[Data to use]

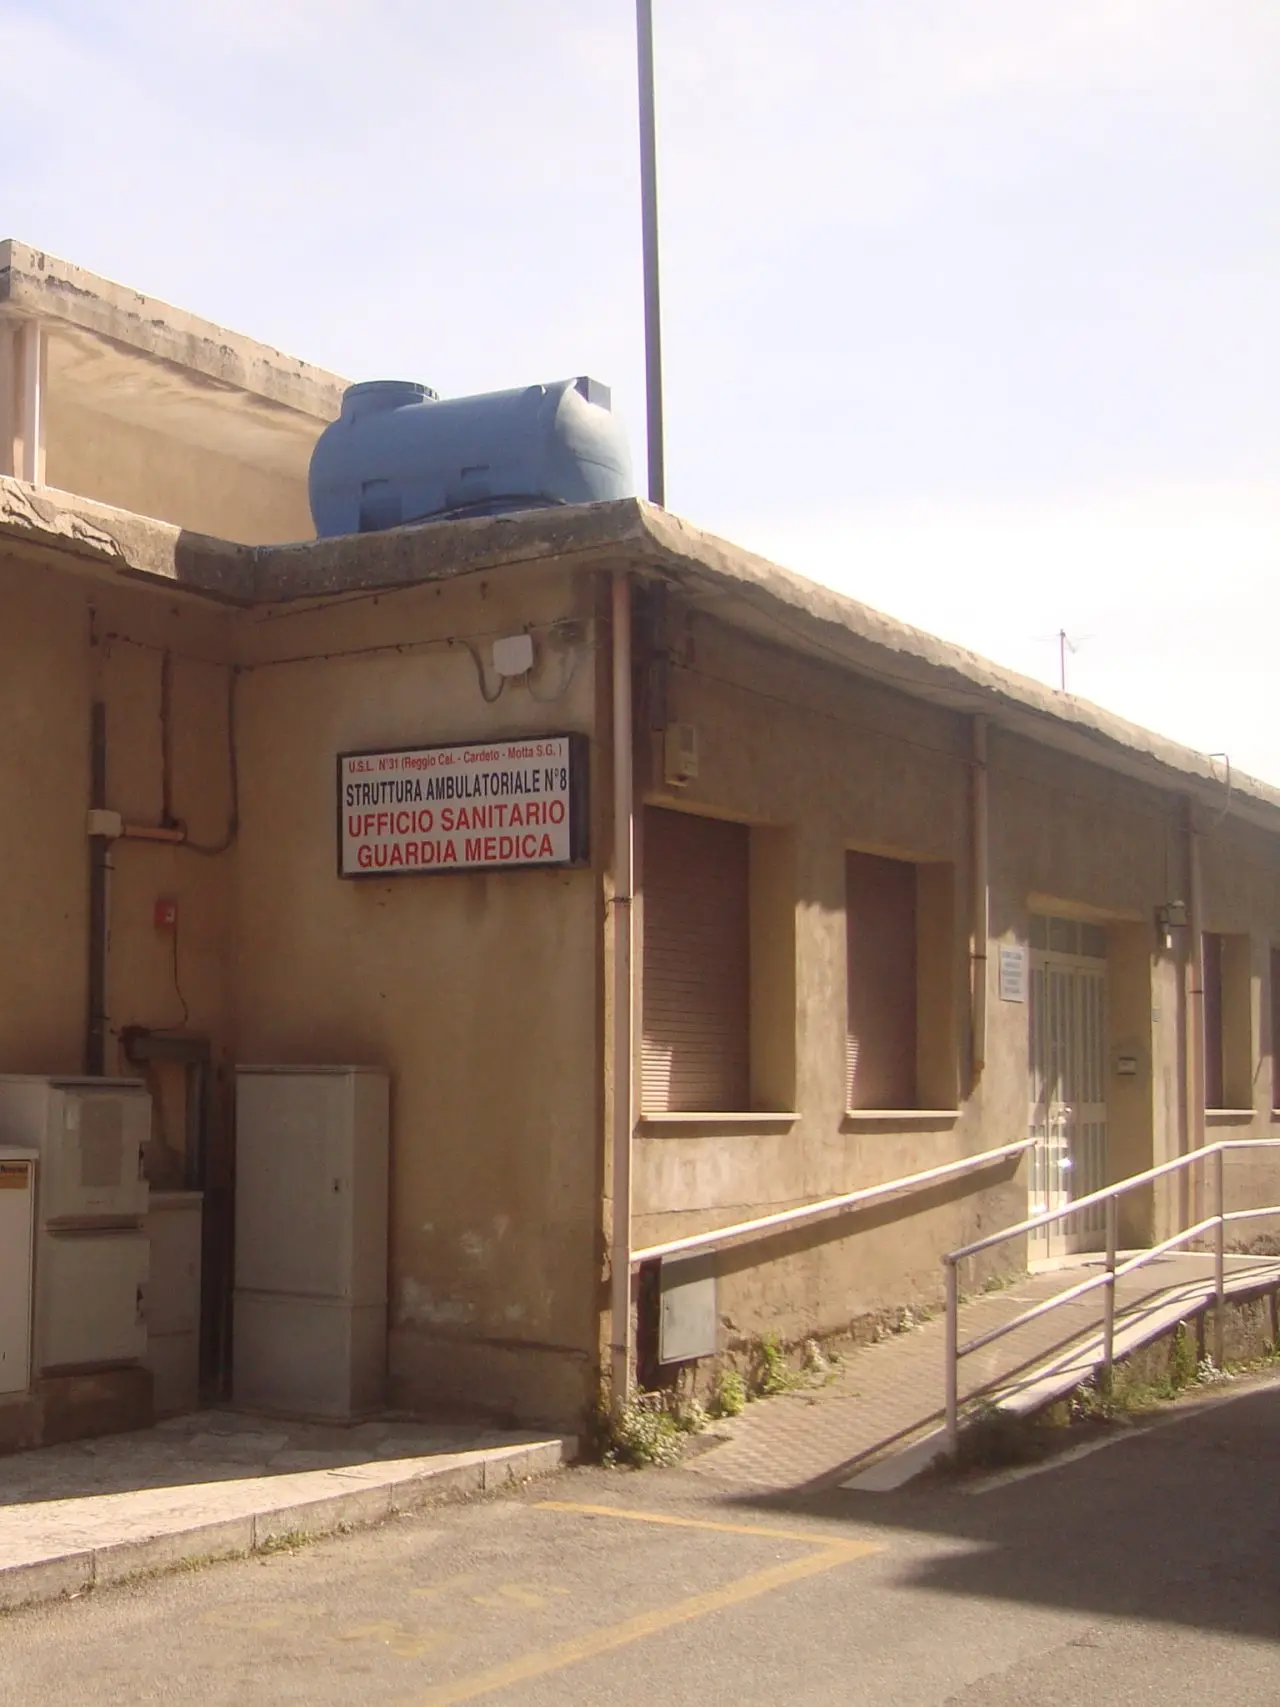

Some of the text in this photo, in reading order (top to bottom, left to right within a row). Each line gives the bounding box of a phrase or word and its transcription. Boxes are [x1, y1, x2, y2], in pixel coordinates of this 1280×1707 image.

[349, 760, 374, 774] U.S.L.
[401, 754, 436, 771] (Reggio
[463, 749, 500, 764] Cardeto
[507, 747, 533, 760] Motta
[346, 777, 422, 807] STRUTTURA
[426, 769, 540, 801] AMBULATORIALE
[348, 800, 565, 838] UFFICIO SANITARIO
[357, 833, 554, 868] GUARDIA MEDICA

[/Data to use]

- **Task to carry out**
The required output is the listing above reproduced exactly, pictures removed.

- **Your solution**
Some of the text in this photo, in reading order (top to bottom, left to right within a row). Each line gives the bounding box of a phrase or word and its transcription. Boxes are [x1, y1, x2, y2], in pixel coordinates of this 1280×1707 image.

[349, 760, 374, 774] U.S.L.
[401, 754, 436, 771] (Reggio
[463, 749, 500, 764] Cardeto
[507, 747, 533, 760] Motta
[346, 777, 422, 807] STRUTTURA
[426, 769, 540, 801] AMBULATORIALE
[348, 800, 565, 838] UFFICIO SANITARIO
[357, 833, 554, 868] GUARDIA MEDICA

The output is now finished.